Dude, they're completely different. A corporation has to provide services
people want to use of their own volition. A government takes money off people
without asking. They are completely unalike and it shows in how the operate.
Risking other people's money is something anyone can do. Risking your own
money means you need to make smart decisions. The government are inherently
less smart than corporations because they lack the business sense that
entrepreneurs have.

Politicians are paid generous salaries, but they're hardly fitting of such
salaries for their abysmal performance in their management. If managers in any
corporation were like politicians, they'd be sacked! Politicians are unlike
such managers because they get to decide their own salaries too. Directors can
chose their own salaries because it is their own money they're risking.
Politicians are not taking any personal risk beyond their career aspects. They
have no skin in the game. (In fact, their incentives are to enrich themselves
whilst in office, even at the cost of the taxpayer they purport to represent).

> I have to pay a government in order to live on land that they have physical
> control of

I noticed you originally put owned, by were right to edit.
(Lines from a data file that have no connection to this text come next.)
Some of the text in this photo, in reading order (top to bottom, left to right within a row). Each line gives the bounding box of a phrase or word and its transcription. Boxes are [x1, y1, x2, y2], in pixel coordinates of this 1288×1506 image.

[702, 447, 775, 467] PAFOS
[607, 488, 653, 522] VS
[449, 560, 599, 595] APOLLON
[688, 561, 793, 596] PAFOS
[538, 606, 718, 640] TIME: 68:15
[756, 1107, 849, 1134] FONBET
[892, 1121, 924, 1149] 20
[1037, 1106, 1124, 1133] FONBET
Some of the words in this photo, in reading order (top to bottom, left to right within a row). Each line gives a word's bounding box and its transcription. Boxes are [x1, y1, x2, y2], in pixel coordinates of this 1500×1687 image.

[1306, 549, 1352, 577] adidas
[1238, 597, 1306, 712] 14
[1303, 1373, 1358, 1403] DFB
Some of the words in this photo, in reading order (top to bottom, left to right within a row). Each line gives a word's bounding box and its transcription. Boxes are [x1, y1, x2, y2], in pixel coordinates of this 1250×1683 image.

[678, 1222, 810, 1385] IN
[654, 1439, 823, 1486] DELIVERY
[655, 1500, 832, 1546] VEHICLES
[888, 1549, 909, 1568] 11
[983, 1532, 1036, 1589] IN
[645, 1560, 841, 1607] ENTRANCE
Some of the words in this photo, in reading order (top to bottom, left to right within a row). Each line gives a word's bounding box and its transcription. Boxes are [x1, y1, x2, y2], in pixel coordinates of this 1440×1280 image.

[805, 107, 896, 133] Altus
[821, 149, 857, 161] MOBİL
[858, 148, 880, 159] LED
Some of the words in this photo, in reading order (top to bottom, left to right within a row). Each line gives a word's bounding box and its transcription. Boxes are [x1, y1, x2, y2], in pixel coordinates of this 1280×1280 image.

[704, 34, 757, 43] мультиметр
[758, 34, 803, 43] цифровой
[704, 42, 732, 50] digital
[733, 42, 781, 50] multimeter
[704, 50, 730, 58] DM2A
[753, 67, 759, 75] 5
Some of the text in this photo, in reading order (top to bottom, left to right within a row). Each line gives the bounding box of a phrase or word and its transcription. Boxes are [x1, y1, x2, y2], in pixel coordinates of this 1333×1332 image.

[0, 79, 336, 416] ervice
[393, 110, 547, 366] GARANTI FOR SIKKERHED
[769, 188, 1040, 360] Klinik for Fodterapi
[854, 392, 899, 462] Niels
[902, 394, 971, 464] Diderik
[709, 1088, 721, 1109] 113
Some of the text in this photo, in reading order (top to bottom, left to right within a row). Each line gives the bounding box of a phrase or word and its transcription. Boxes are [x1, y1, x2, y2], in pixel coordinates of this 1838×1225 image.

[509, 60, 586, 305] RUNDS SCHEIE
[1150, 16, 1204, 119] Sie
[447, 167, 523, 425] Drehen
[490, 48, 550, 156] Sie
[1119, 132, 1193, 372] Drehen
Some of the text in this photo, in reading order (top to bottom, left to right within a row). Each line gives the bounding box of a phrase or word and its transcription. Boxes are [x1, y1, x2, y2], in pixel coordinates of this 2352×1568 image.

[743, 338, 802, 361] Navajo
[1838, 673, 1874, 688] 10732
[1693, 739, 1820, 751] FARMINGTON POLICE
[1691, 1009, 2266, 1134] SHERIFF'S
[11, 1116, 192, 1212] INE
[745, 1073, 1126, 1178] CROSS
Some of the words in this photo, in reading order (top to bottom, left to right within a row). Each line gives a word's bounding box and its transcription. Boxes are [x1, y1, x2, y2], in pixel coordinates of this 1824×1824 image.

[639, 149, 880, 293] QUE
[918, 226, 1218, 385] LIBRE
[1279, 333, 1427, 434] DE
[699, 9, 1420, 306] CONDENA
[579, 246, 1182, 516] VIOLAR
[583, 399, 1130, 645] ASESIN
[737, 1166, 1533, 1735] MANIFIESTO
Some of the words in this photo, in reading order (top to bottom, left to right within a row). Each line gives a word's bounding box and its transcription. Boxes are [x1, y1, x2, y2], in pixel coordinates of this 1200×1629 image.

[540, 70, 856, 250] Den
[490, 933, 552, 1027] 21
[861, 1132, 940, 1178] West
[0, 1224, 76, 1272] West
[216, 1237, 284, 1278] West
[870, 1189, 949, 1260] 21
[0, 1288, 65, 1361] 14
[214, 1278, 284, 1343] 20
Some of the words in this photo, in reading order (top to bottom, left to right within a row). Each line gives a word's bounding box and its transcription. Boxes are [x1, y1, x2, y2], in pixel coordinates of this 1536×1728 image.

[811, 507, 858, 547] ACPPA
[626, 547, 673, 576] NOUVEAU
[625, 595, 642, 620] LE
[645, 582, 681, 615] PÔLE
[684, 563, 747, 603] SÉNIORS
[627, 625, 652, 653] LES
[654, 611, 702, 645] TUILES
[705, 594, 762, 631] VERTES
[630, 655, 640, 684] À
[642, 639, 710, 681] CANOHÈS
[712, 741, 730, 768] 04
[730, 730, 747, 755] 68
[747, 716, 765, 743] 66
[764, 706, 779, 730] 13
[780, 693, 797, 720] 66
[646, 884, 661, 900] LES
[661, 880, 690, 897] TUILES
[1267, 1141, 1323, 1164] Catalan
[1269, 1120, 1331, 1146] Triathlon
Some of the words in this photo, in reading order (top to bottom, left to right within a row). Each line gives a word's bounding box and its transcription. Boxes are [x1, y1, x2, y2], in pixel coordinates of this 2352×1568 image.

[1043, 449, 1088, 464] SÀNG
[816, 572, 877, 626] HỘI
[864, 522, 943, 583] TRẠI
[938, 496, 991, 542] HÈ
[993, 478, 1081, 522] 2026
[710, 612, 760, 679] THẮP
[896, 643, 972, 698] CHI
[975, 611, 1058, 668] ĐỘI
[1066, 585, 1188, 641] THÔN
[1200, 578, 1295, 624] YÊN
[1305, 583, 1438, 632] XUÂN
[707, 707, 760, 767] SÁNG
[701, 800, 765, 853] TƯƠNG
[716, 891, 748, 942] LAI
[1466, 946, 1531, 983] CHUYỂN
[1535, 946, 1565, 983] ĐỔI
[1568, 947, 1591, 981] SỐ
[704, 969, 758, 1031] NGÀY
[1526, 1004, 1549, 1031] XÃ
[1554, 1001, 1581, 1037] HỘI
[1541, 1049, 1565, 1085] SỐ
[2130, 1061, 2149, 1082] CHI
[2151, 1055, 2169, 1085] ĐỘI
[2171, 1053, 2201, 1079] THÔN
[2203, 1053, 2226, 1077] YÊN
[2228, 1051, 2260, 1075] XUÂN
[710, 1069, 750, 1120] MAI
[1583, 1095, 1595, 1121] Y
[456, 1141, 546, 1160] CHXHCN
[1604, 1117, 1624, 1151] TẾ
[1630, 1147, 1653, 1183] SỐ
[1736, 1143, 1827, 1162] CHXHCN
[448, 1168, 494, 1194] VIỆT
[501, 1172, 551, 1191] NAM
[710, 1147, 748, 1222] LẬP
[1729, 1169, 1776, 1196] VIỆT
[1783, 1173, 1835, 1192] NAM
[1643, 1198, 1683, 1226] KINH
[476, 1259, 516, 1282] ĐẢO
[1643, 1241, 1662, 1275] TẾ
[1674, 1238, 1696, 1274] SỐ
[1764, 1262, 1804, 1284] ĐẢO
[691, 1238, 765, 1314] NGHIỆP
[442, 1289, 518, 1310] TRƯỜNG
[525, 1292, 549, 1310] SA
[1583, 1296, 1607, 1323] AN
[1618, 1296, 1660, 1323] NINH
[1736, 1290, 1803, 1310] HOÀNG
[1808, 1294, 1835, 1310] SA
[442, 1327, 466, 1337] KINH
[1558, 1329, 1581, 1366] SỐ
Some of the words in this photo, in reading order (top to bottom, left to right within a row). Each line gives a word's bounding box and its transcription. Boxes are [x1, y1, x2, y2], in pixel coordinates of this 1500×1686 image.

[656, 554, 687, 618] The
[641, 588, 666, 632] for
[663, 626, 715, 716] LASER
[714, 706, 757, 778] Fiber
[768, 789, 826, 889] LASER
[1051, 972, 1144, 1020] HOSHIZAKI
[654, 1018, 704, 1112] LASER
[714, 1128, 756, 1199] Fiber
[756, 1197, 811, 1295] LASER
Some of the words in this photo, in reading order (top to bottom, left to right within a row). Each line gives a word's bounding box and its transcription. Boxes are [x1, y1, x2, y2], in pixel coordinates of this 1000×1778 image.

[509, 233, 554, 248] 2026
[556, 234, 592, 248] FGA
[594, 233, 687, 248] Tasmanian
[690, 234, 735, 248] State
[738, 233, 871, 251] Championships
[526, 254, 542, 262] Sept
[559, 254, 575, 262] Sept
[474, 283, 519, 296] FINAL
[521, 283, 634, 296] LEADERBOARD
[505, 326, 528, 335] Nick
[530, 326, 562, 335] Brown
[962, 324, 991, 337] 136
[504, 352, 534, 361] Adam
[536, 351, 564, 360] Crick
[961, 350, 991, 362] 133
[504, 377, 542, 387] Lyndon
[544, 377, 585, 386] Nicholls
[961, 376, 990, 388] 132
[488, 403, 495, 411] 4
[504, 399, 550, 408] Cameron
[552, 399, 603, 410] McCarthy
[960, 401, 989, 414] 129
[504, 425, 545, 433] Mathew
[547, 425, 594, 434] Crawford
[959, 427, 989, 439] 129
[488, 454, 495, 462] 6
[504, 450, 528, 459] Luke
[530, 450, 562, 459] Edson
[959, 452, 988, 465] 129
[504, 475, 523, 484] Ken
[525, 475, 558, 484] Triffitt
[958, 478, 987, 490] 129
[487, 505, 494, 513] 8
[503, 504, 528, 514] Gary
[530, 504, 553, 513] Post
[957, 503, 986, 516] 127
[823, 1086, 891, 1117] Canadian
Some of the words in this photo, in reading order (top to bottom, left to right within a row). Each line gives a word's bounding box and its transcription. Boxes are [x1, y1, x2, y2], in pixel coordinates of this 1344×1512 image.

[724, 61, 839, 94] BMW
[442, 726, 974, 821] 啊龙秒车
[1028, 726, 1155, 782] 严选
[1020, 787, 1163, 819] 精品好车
Most land is
privately owned, not by governments. Even most of the publicly accessible land
is privately owned easements.

Although government doesn't _own_ all of the land, they are effectively part
possessors because they have some rights to it (at the cost of the owner's
rights). This is simply more evidence that governments overstep their reach
and encroach on people's lives. Ultimately, they rely on that monopoly of
force, because given the choice in a free market, those land owners might
chose somebody else to be the stewards of their land.

You have to ask, if governments should be the sole providers of stewardship of
easements in a geographical area, why shouldn't they be the sole providers of
food too? You say that you need to pay a corporation to eat, but shouldn't
_that_ service also be subsumed by government? Why even stop there. Let's have
full on communism!

Well, that has been tried multiple times and it failed miserably every time.
On the other hand, free markets have been tried and they were hugely
successful in drastically improving the standard of living for millions of
people. The evidence is clear. Corporations generate wealth and then the
governments spend it. Anti-capitalists would have you believe the opposite is
true.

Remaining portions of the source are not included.